Traditionally, the goal of algorithmic network design has been to
develop networks that optimize certain parameters, such as network
cost, connectivity, or congestion. Such work implicitly assumes that
once a network is designed, some central authority can step in and
build it. But for many large-scale networks (most notably the
Internet), such an authority does not exist. Instead, these networks
evolve through the competitive interactions of many self-interested
agents, each with their own limited objectives. How does the quality
of these decentralized and competitively formed networks differ from
those that are centrally designed?
Game theory provides a natural tool to address this question. In this
talk, I will introduce a game played on a network with edge costs.

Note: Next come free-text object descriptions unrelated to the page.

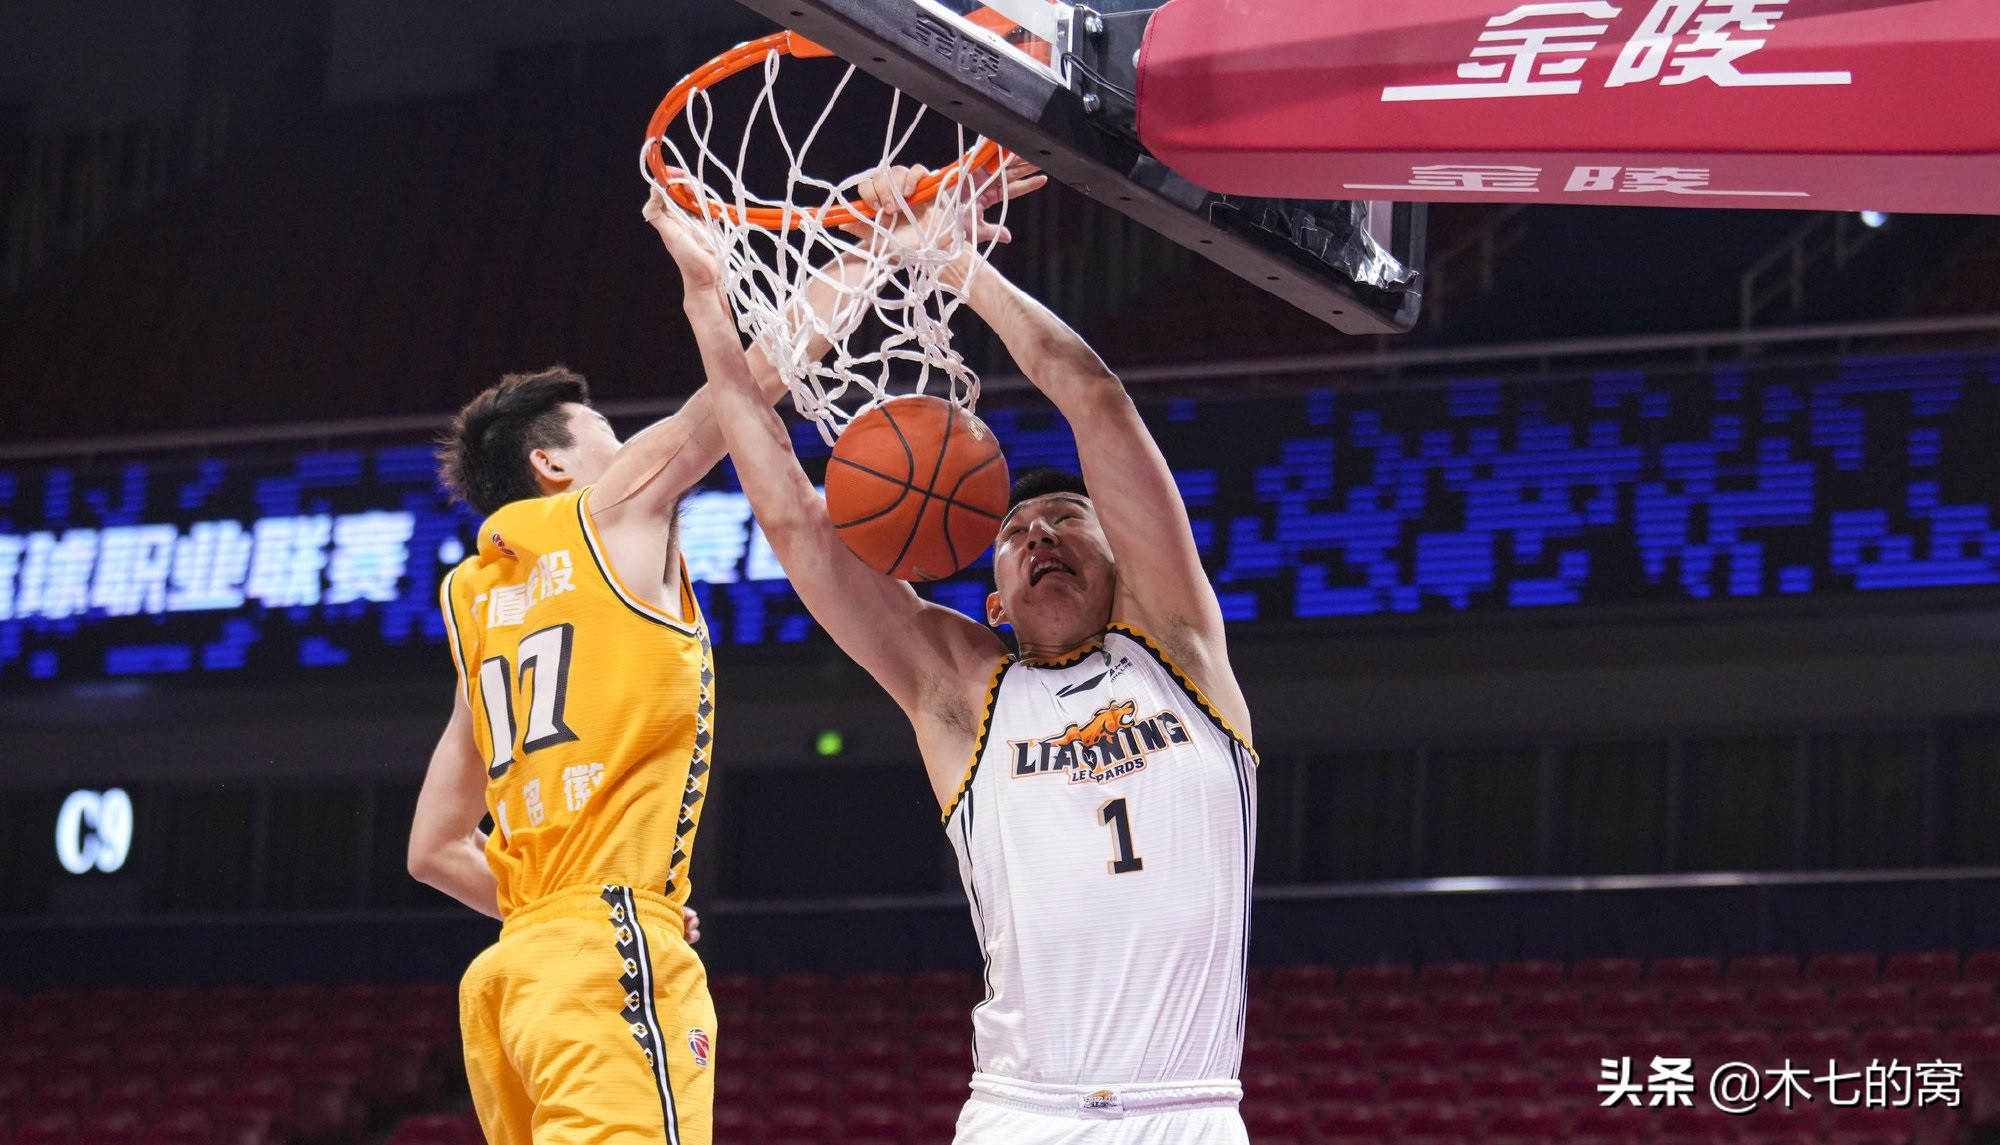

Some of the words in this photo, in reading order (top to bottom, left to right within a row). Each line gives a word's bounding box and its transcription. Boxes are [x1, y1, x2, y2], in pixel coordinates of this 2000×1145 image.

[1381, 0, 1852, 102] 金陵
[1342, 165, 1811, 197] 金陵
[479, 622, 580, 780] 17
[55, 787, 134, 875] C9
[1096, 797, 1143, 875] 1

Players own pairs of terminals, and want to buy edges to connect
these terminals as cheaply as possible. When multiple players use an
edge, they may share its cost. From a centralized perspective, this
game is simply the generalized Steiner tree problem of finding the
cheapest network connecting all pairs of terminals. But centrally
optimal solutions are typically not stable in the decentralized game.
In fact, certain stable solutions (i.e. Nash equilibria) in this game
may be k times more costly than optimal solutions, where k is the
number of players. However, I will prove that there always exist
equilibria whose cost is within an O(log k) factor of optimal. I will
discuss a number of extensions to this model, and conclude with some
results on the effects of collusion in similar network-based games.